When I got to Shinjuku on Friday night, I was a little worried.  I had ten minutes before my bus left, and the area on the map, while precise, also seemed to be the departure point for twenty other overnight buses.  Eek. Luckily the company I was using had lots of staff in red jackets waving signs around.  As I boarded bus 36, I realized (yet again) that my Japanese has a ways to go.  When booking my tickets online, I thought that I’d booked a better bus, a bus with 4-(unit of measurement) wide seats, versus 3 (unit of measurement) wide seats.  Unfortunately, the unknown unit of measurement WAS “seat.”  So I’d booked myself on a bus with four seats to a row, instead of three.  (Just enough rope…) Oops. 

So after settling in next to some guy with a wanna-be afro, who thankfully wasn’t smelly or large, because there wasn’t an armrest between us, I sealed myself away with my sweater hood and headphones. 

Until, of course, a loud voice interrupted my nap with “HAI, IMA KARA KYUKEI JIKAN NI NARIMASUUUU,” accompanied by the hissing as the bus sat down and swallowed a blast of midnight air.  Apparently it’s unthinkable that on an overnight bus people would be sleeping, hence, stopping every two hours for a 20 minute break is standard operating procedure.  Somehow I forgot about that. 

At any rate, the trip back from Kyoto was a lot more pleasant, and actually – the layers and headphones were pretty reasonable in helping me to get some sleep.  I was either overjoyed to see the Tanakas, or I was actually better rested than the junior year Mt.

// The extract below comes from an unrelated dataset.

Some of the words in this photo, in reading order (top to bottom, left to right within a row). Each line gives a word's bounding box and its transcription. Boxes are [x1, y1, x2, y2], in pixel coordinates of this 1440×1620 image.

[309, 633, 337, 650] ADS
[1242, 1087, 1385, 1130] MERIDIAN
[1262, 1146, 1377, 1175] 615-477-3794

Fuji trek from hell, because I wasn’t grumpy at all, even at the museum!  Yes, that’s right.  Even at the ETHNOLOGY museum.  Mmhm.  

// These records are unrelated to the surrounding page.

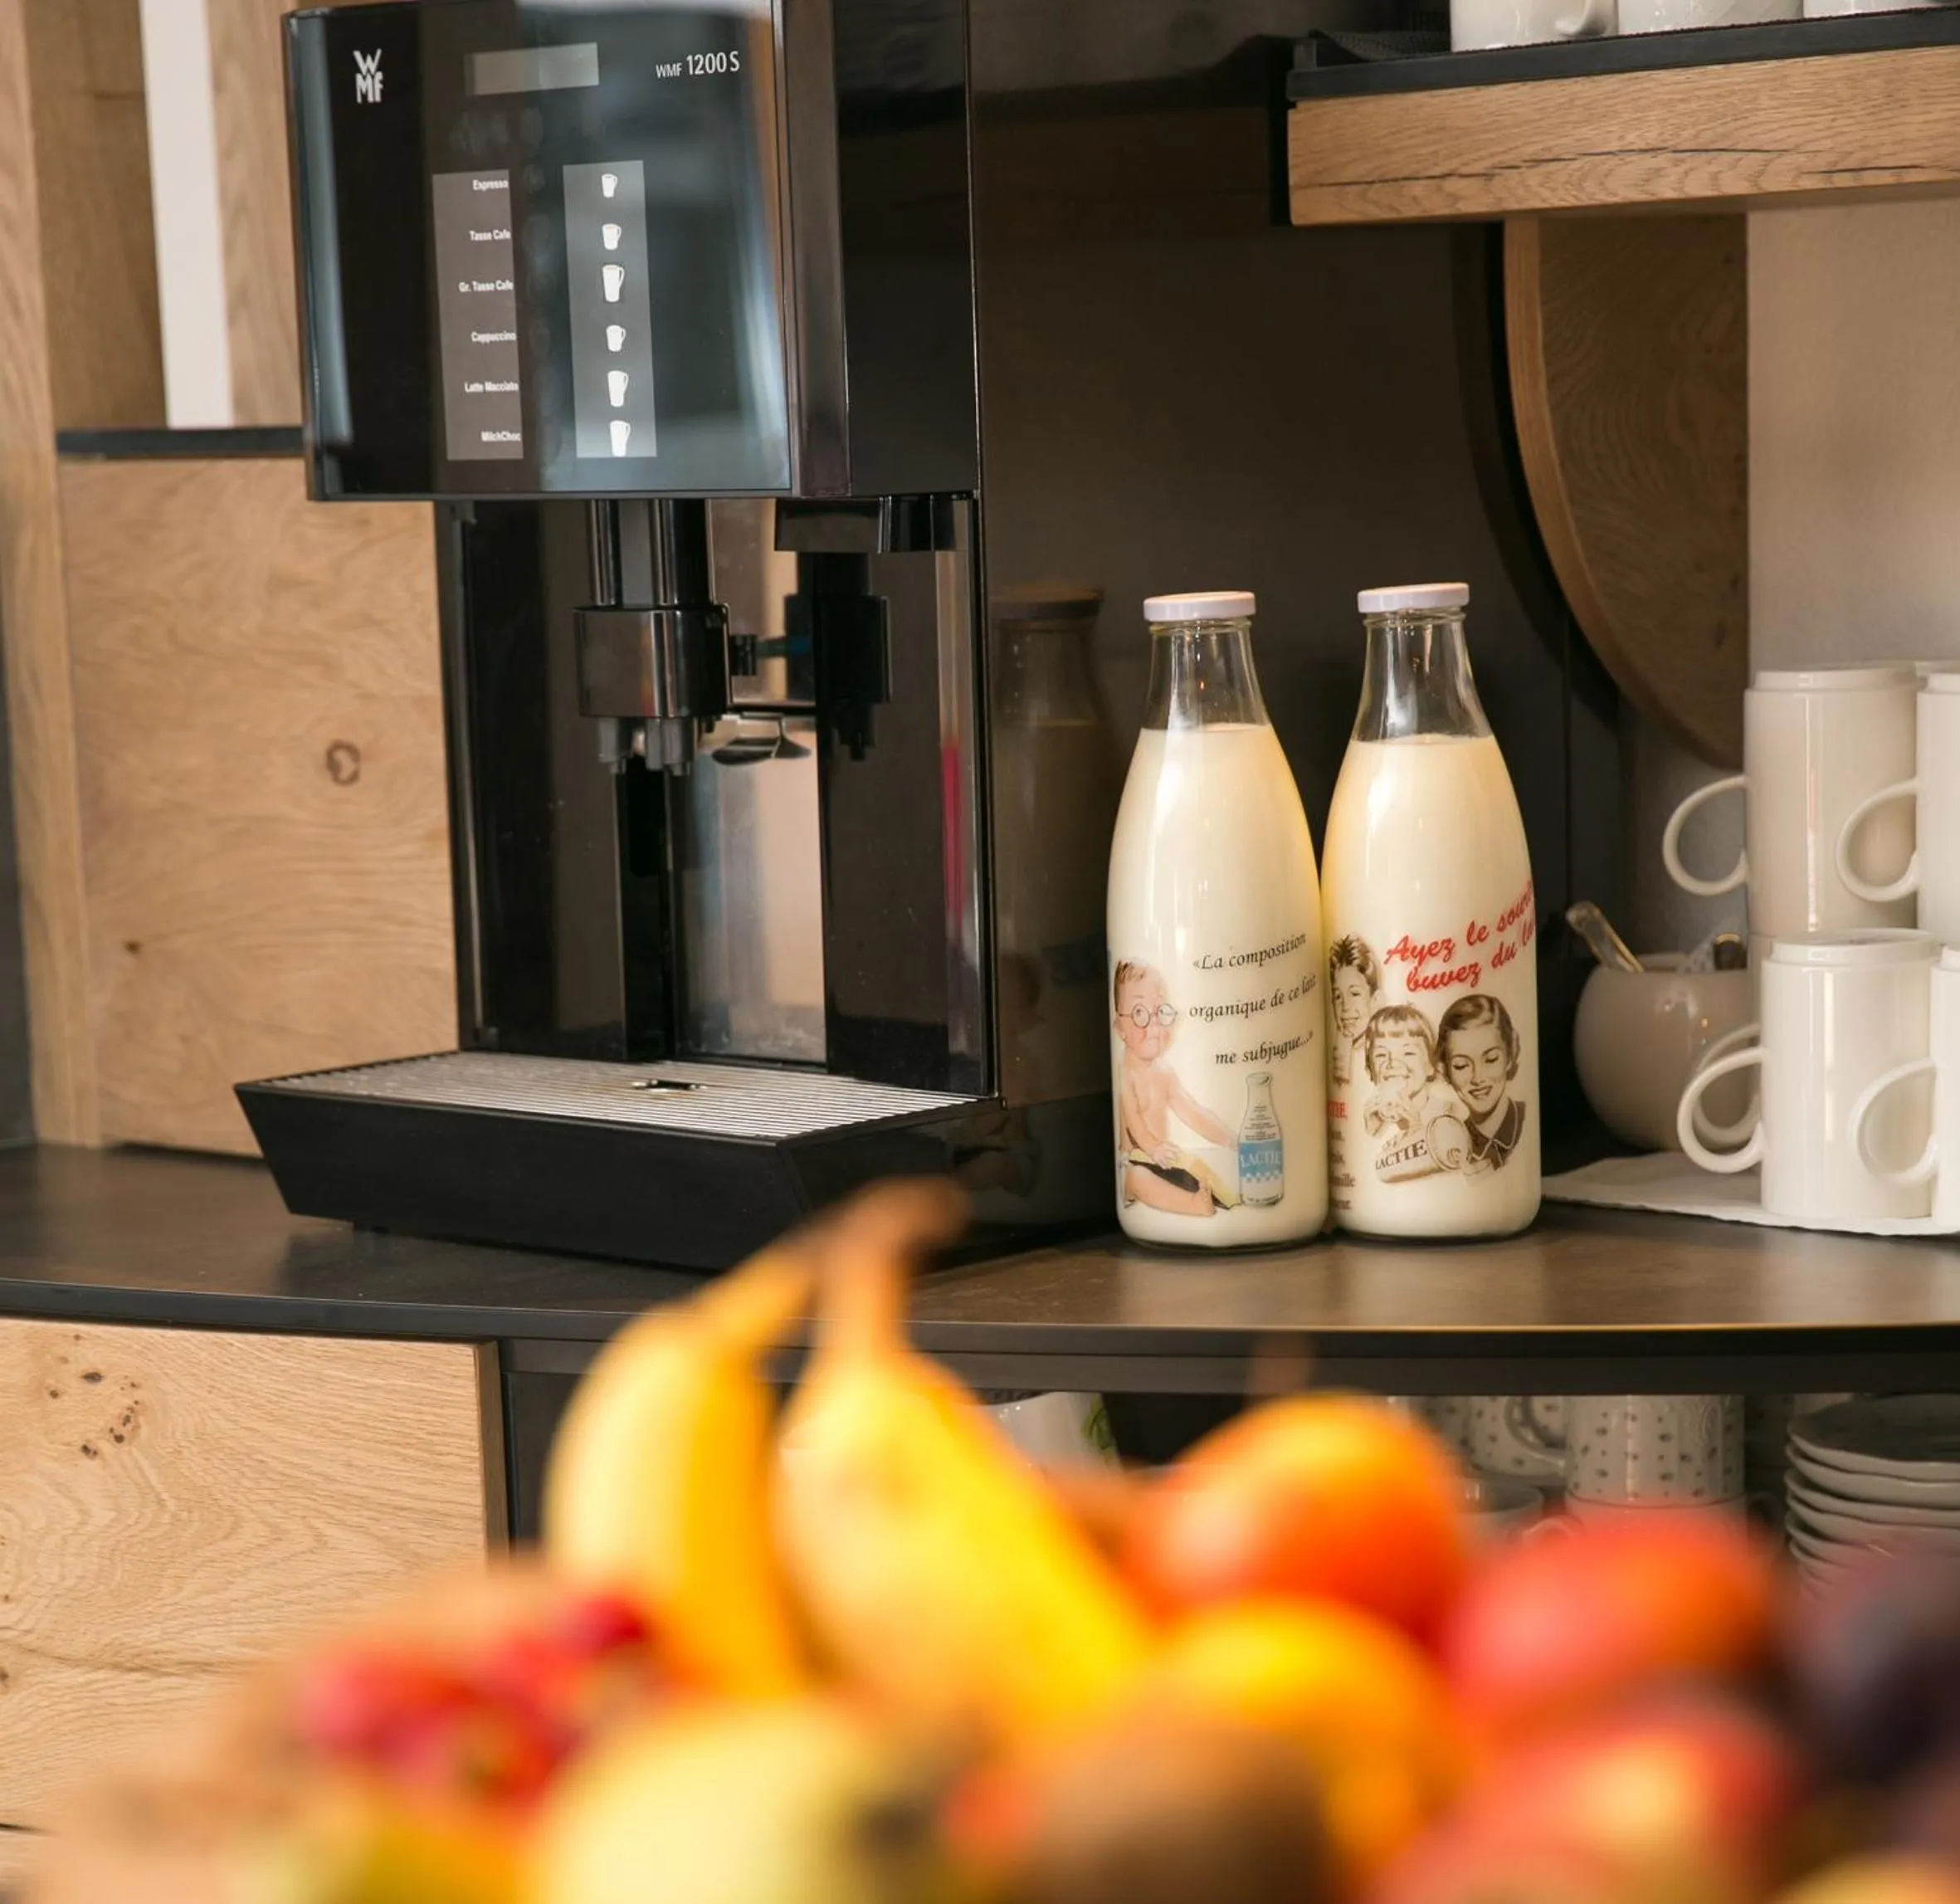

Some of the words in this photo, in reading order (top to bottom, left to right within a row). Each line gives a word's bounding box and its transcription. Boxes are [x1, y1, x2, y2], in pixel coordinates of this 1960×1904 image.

[655, 62, 682, 78] WMF
[686, 51, 727, 76] 1200
[729, 50, 740, 71] S
[458, 281, 471, 292] Gr.
[471, 281, 495, 292] Tasse
[470, 330, 516, 344] Cappuccino
[464, 381, 483, 393] Latte
[1229, 932, 1306, 968] composition
[1383, 934, 1456, 966] Ayez
[1466, 920, 1490, 947] le
[1407, 961, 1482, 992] buvez
[1491, 940, 1518, 969] du
[1189, 998, 1266, 1023] organique
[1270, 988, 1285, 1008] de
[1288, 986, 1300, 1002] ce
[1302, 974, 1317, 995] lait
[1215, 1052, 1237, 1065] me

After loitering in the warmth of my homestay family’s house (ah, memories), I was sleep deprived and distracted enough that I almost went the wrong way transferring trains back to Kyoto station.  This meant that I was almost late to my bus!  It was the same deal with 20 random buses, except this time I was returning on a different company, and I couldn’t find it.  After asking another random bus company, I did find the table, hopped on my bus with a minute to spare, and noticed that I was the last one on.  This time, though, as the driver pointed me towards my companion-for-the-next-six-hours, he asked if we were friends. We were not.  After “hmm…please wait a minute,”  I was treated to a row all of my own, in the front! So nice.  After settling in there, kicking my feet to the side to take advantage of this luxurious surplus of space…I noticed that I’d missed a phone call.  Checking my messages revealed that the bus company had called me five minutes prior, because they were concerned that I hadn’t checked in, and was unable to find the bus.  Aww.  I’m pretty sure no transit service or company in the states would EVER call customers to check if they were running late.  We ended up leaving ten minutes later than anticipated, because some other guy was even later.  Pretty cool, huh?   

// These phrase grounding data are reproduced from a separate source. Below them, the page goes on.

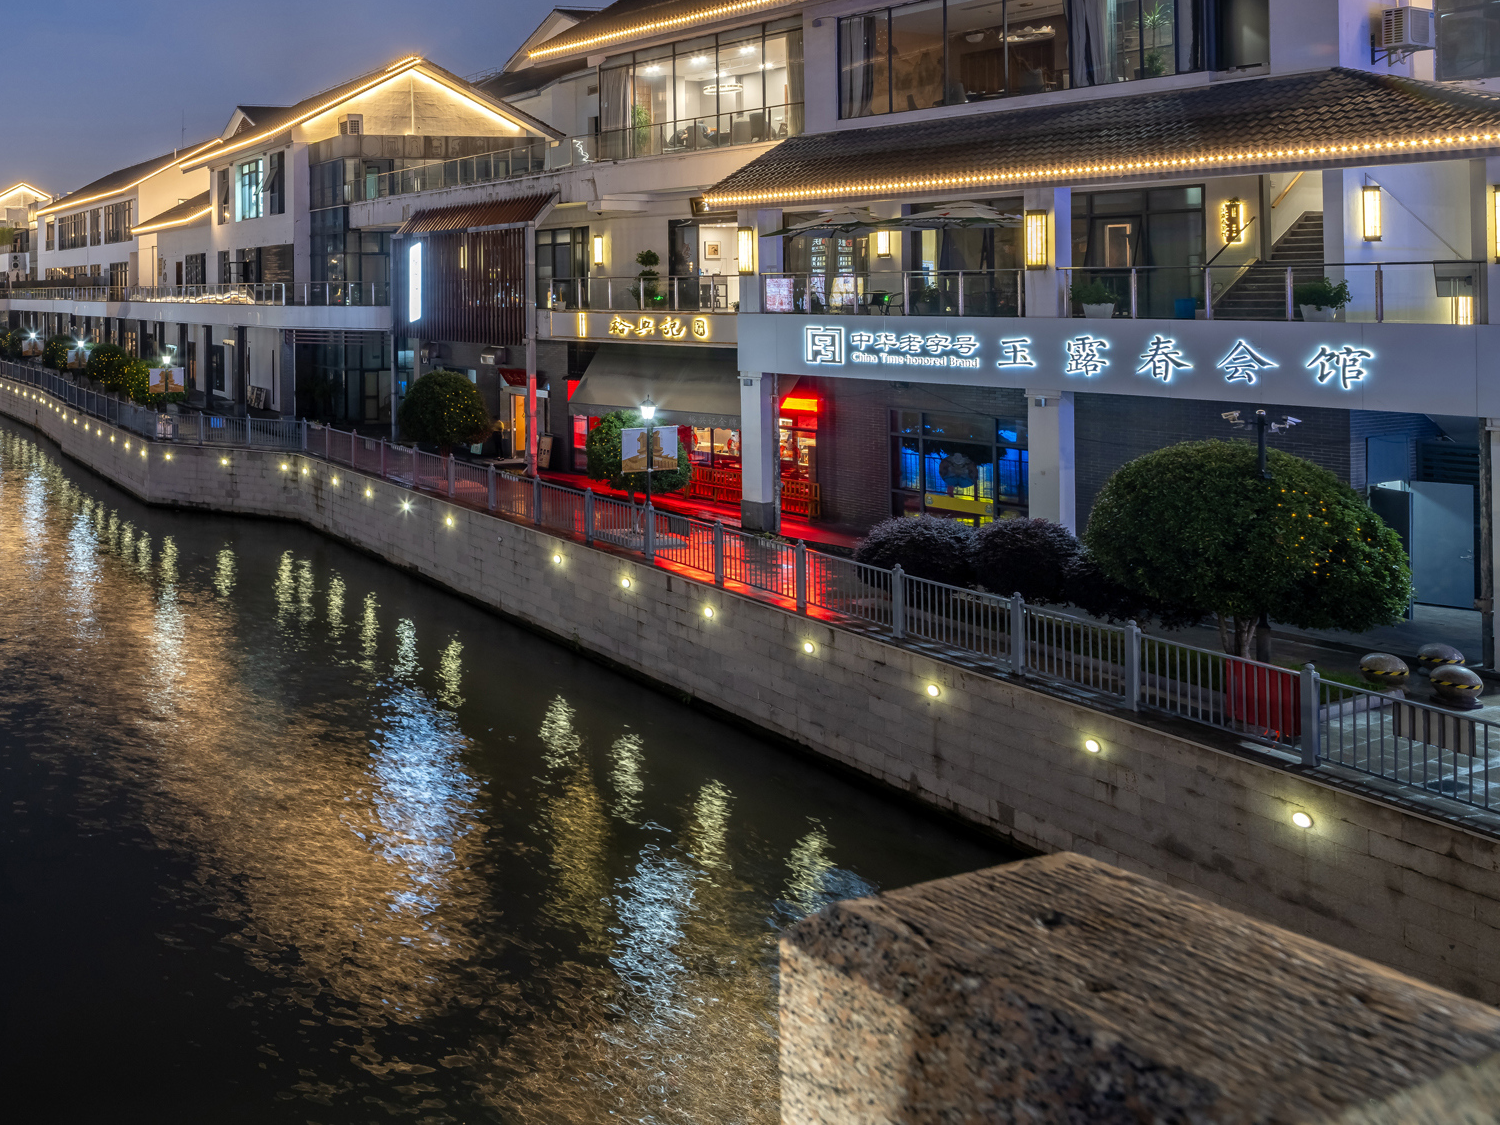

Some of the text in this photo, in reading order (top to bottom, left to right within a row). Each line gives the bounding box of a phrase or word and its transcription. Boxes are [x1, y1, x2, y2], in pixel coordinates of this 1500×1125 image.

[851, 332, 980, 356] 中华老字号
[851, 352, 878, 364] China
[950, 356, 980, 368] Brand
[997, 334, 1375, 390] 玉露春会馆
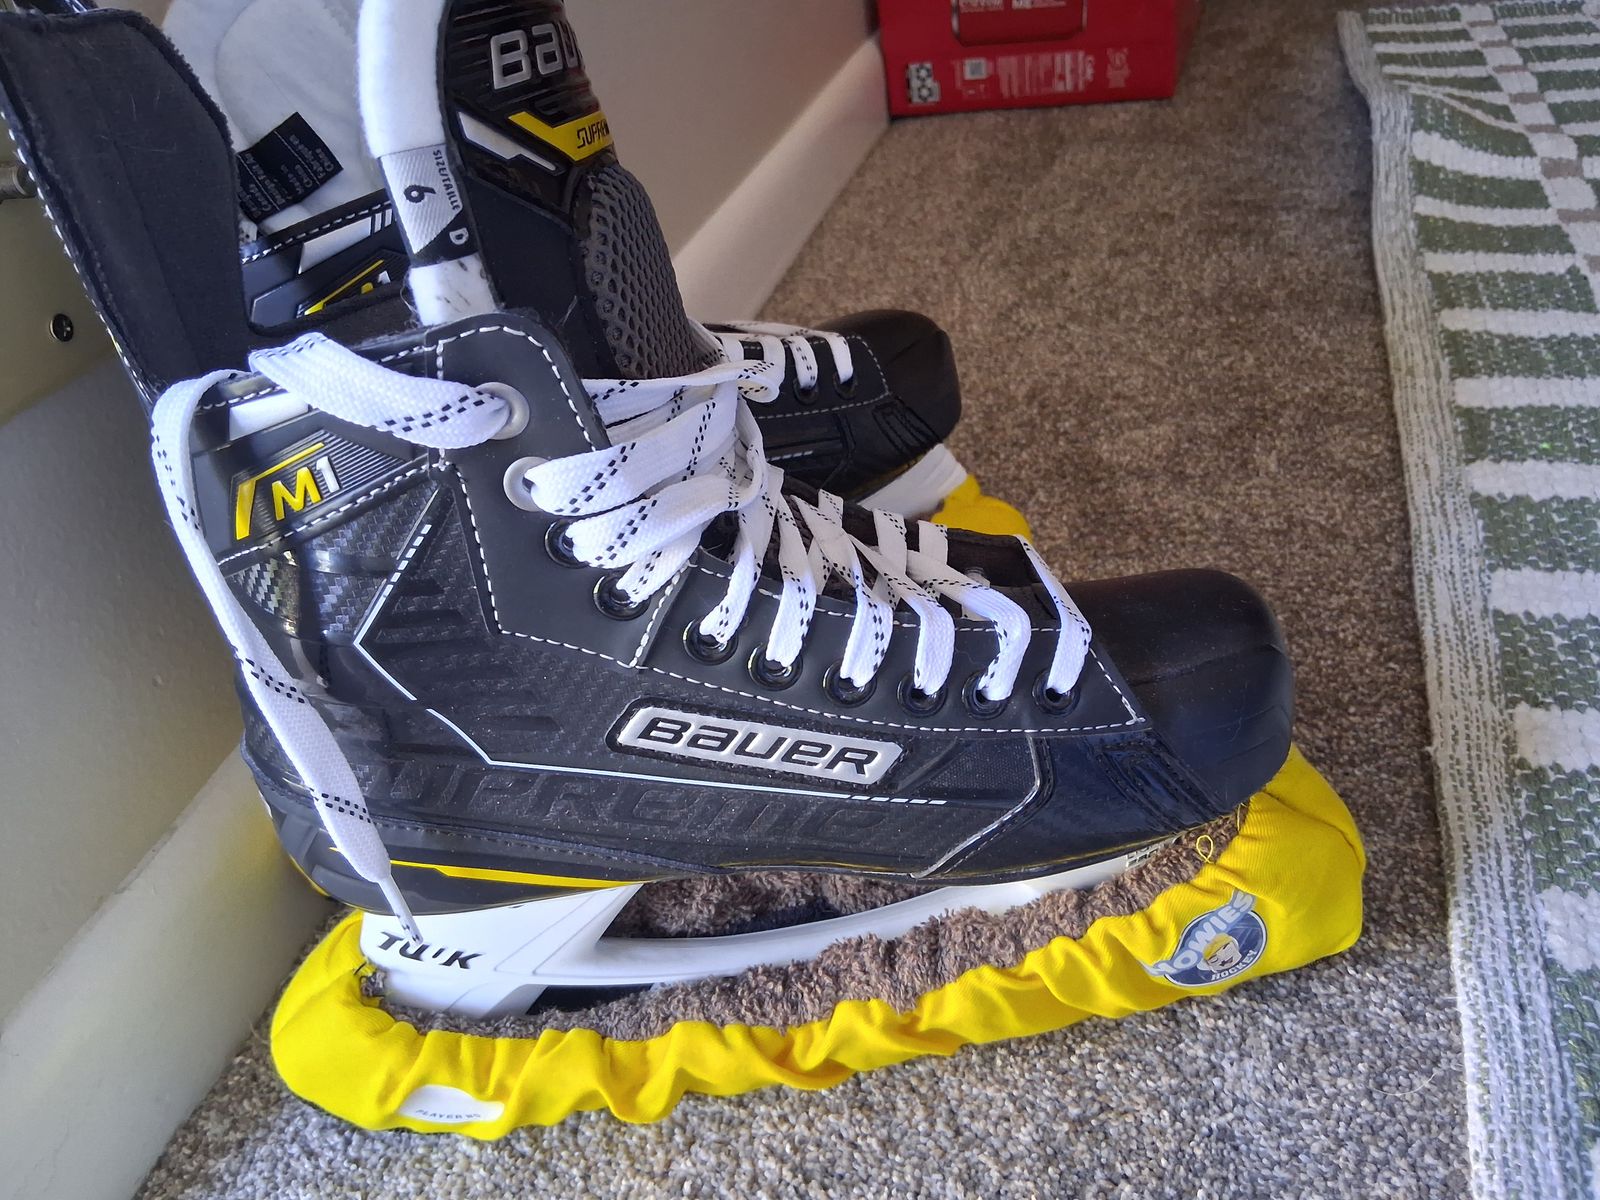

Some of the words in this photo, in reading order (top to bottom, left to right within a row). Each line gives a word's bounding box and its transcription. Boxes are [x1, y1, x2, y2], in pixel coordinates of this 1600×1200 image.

[403, 185, 436, 203] 6
[433, 149, 461, 210] SIZE/TAILLE
[449, 227, 469, 245] D
[272, 456, 340, 520] M1
[1210, 949, 1257, 981] HOCKEY

I was, however, worn out enough that on the way back, I only noticed two of the four rest breaks.  Slept straight through the rest of em.  ^___^ 

In sum then, I wouldn’t mind doing it again.  Maybe not on a one day trip; it’d be nice to get one solid night’s sleep between the fragmented bus rides, but they’ve got a certain charm going for them.

 

Un-smush, wireless, and beer breath

For round 2 of fun yet painful dance class, I actually talked to some people.  One gal could actually say my name like Audrey vs. o-doe-ree (the asian-ified way) … because she’d watched episodes of 24. Apparently there’s an Audrey on 24?  Anyhow, she’s been taking jazz hip hop for the past 10 years.  Another person had been taking this specific teacher’s classes for two years.  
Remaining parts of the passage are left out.